Panel: Opportunities with Remote Sensing for Energy & Climate Data I: The Potential for Transformative Impact

Participants

Moderator: Kyle Bradbury (Duke University)

Panelists:

  • Jeremy Freeman (WattTime / Climate TRACE)
  • Jon Goldstein (Environmental Defense Fund)
  • Elizabeth Reilly (Johns Hopkins University)

Overview: Transformative business and policy decisions about energy systems and their climate impacts require trustworthy evidence upon which to base those choices. Such data are often of limited availability, incomplete, or proprietary.

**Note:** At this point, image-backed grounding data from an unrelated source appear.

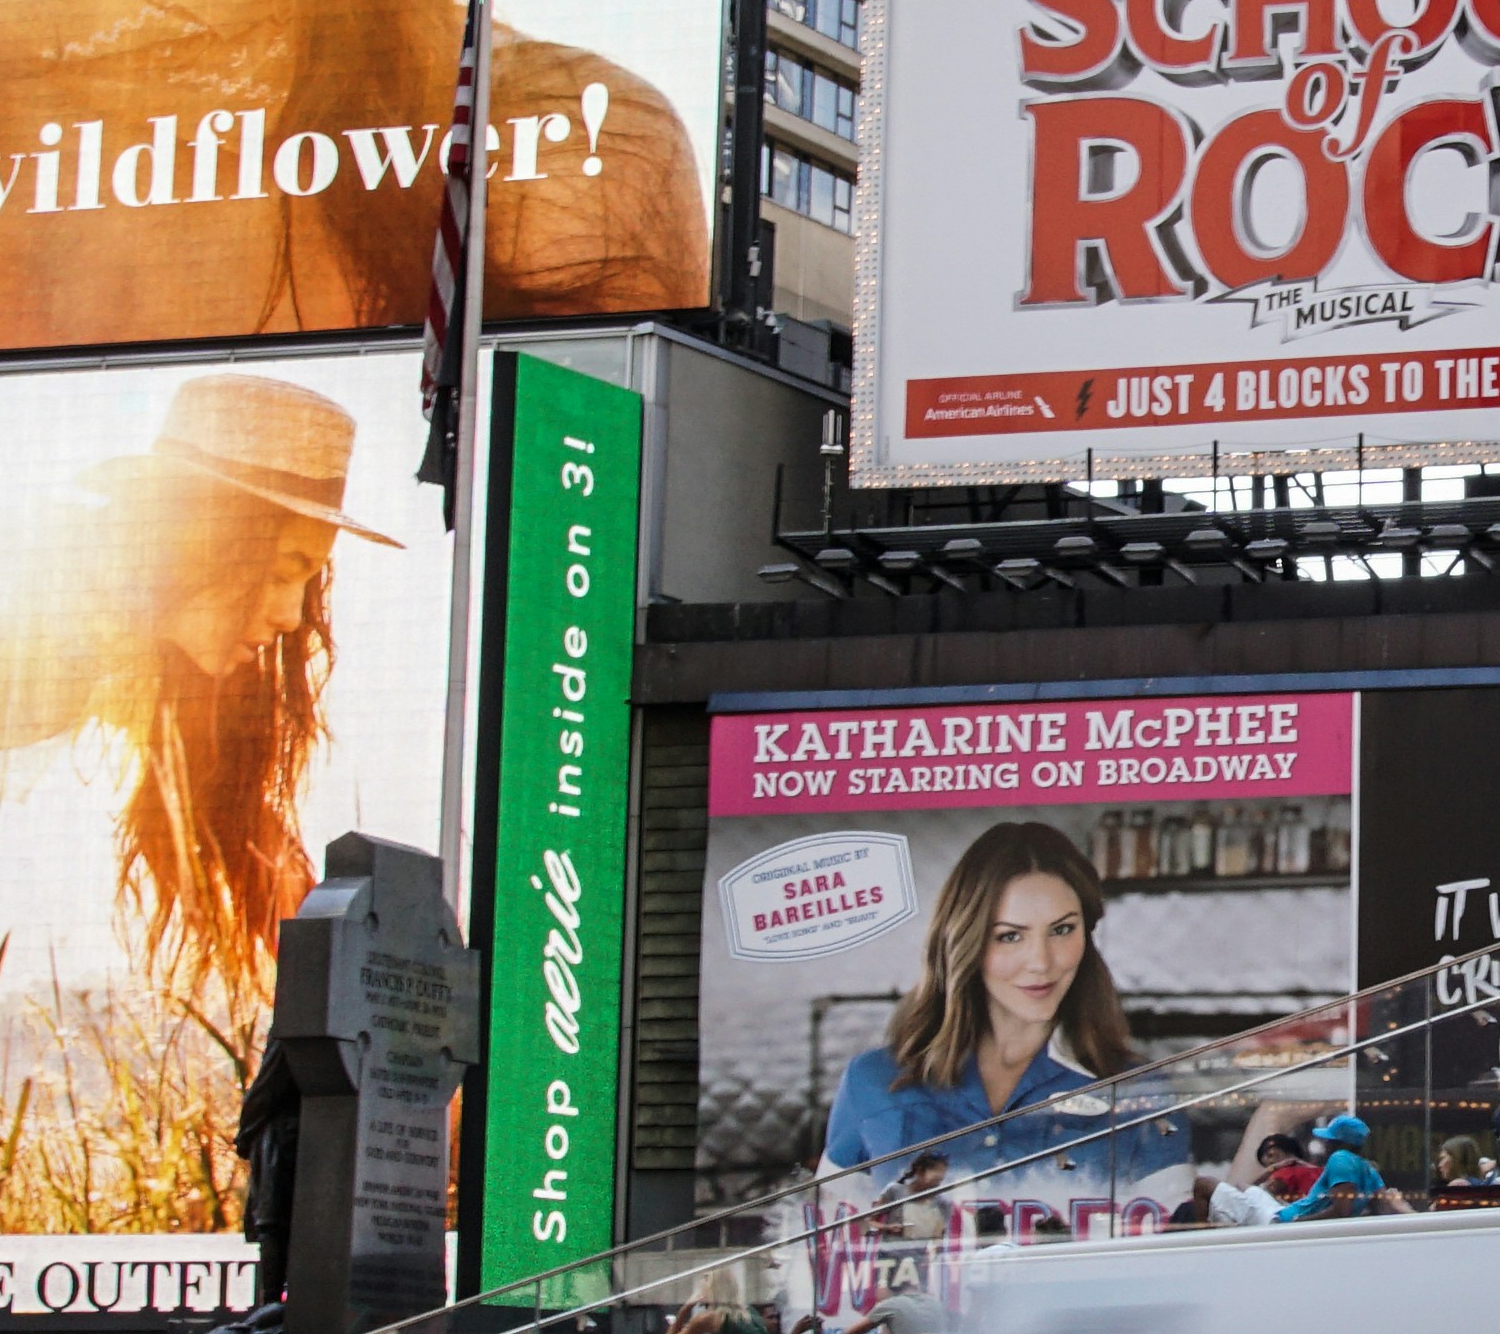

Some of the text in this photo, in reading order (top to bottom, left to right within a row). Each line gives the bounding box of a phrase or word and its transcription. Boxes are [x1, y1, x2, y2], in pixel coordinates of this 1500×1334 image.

[1282, 28, 1420, 159] of
[1265, 287, 1302, 312] THE
[1296, 291, 1414, 330] MUSICAL
[1107, 373, 1193, 421] JUST
[1202, 370, 1226, 415] 4
[1235, 362, 1370, 412] BLOCKS
[1379, 360, 1424, 402] TO
[1433, 354, 1499, 400] THE
[753, 711, 1068, 764] KATHARINE
[752, 753, 1298, 799] NOW STARRING ON BROADWAY
[531, 435, 596, 1242] Shop aerie inside on 3!
[752, 886, 884, 932] BAREILLES
[783, 871, 846, 900] SARA
[1433, 878, 1490, 941] IT
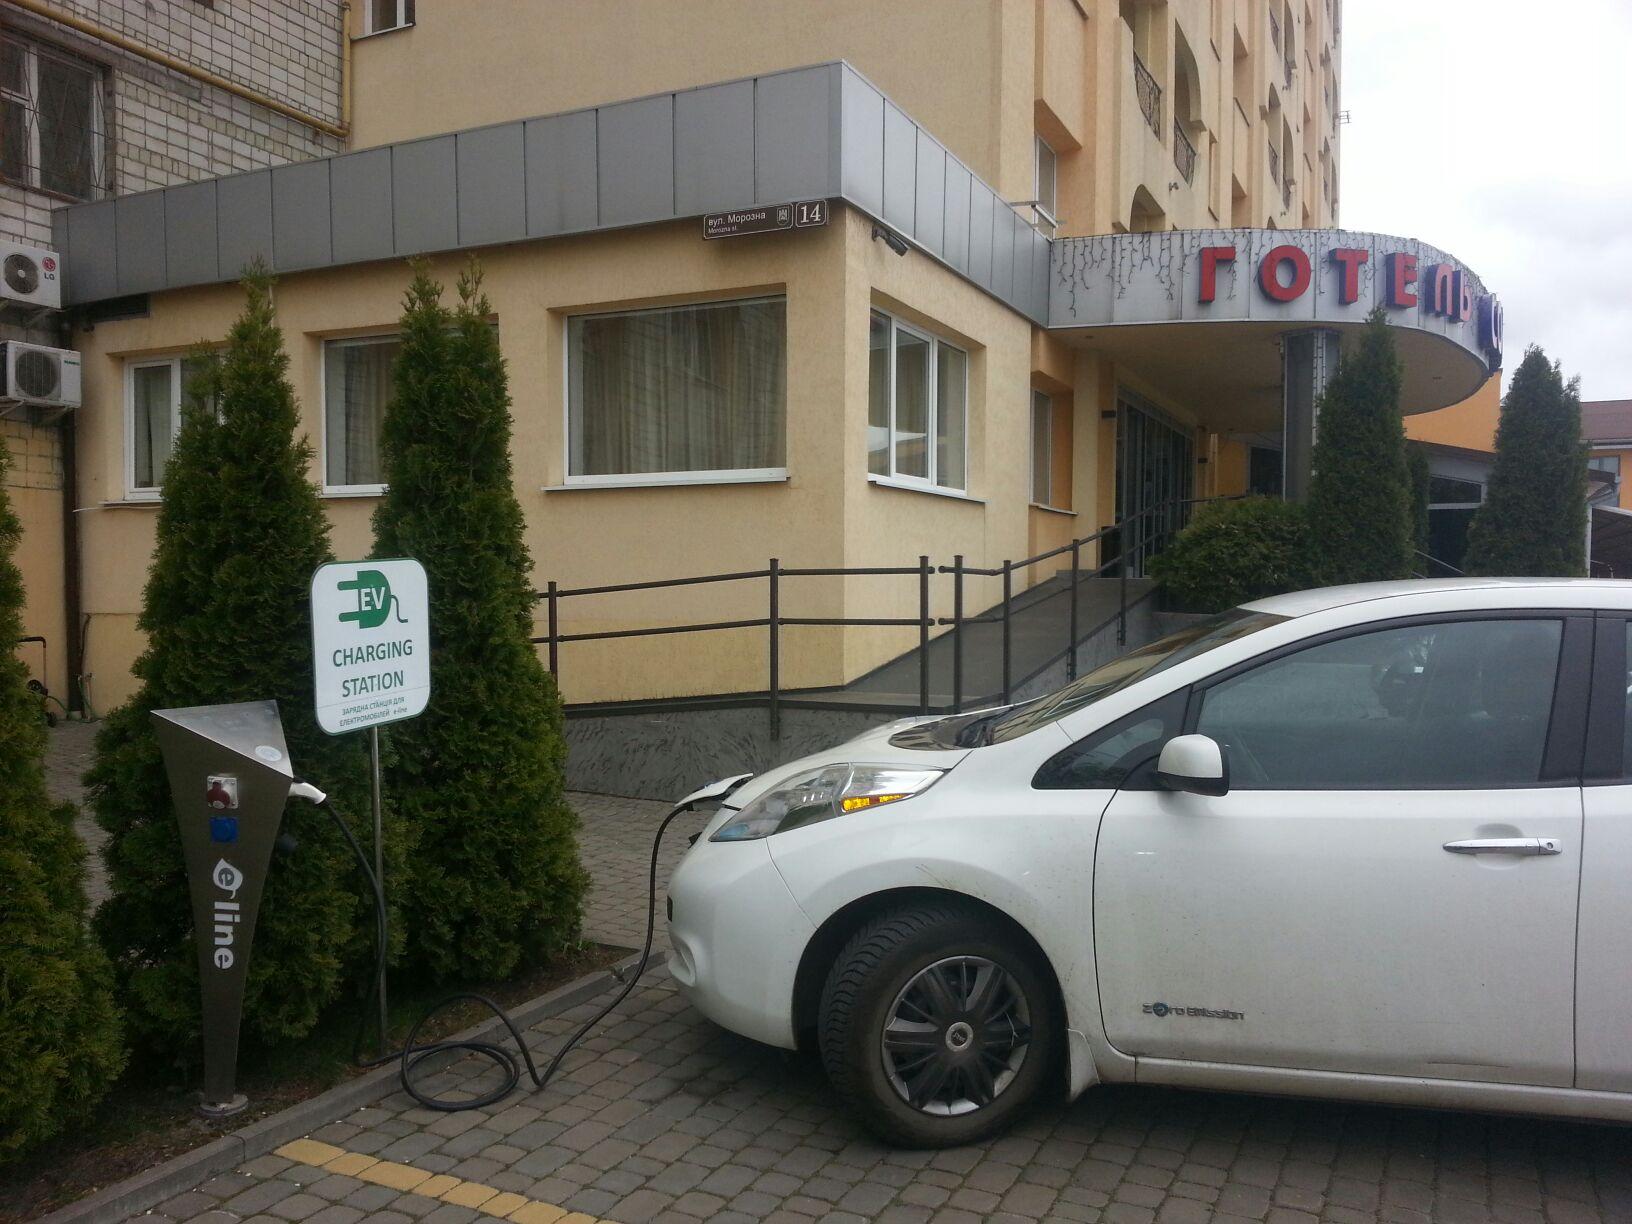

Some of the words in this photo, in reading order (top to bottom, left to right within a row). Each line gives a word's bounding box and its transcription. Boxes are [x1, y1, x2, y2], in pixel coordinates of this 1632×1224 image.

[708, 218, 726, 228] вул.
[727, 211, 766, 224] Морозна
[800, 203, 821, 223] 14
[44, 273, 55, 281] LG
[1199, 245, 1473, 323] ГОТЕЛЬ
[360, 586, 386, 611] EV
[332, 639, 413, 667] CHARGING
[342, 670, 404, 698] STATION
[342, 704, 369, 716] ЗАРЯДНА
[393, 696, 405, 705] ДЛЯ

Recent advances in the availability of remote sensing data (e.g. satellite, aerial, and drone imagery) and the computational tools to effectively analyze those data have enabled automated analyses and rapid response analysis. These recent advances have led to never-before-possible large scale data gathering and analysis of energy and climate systems. This session will discuss how these remote sensing tools are being used to better understand energy and climate systems and the impact these tools are having on operations and planning.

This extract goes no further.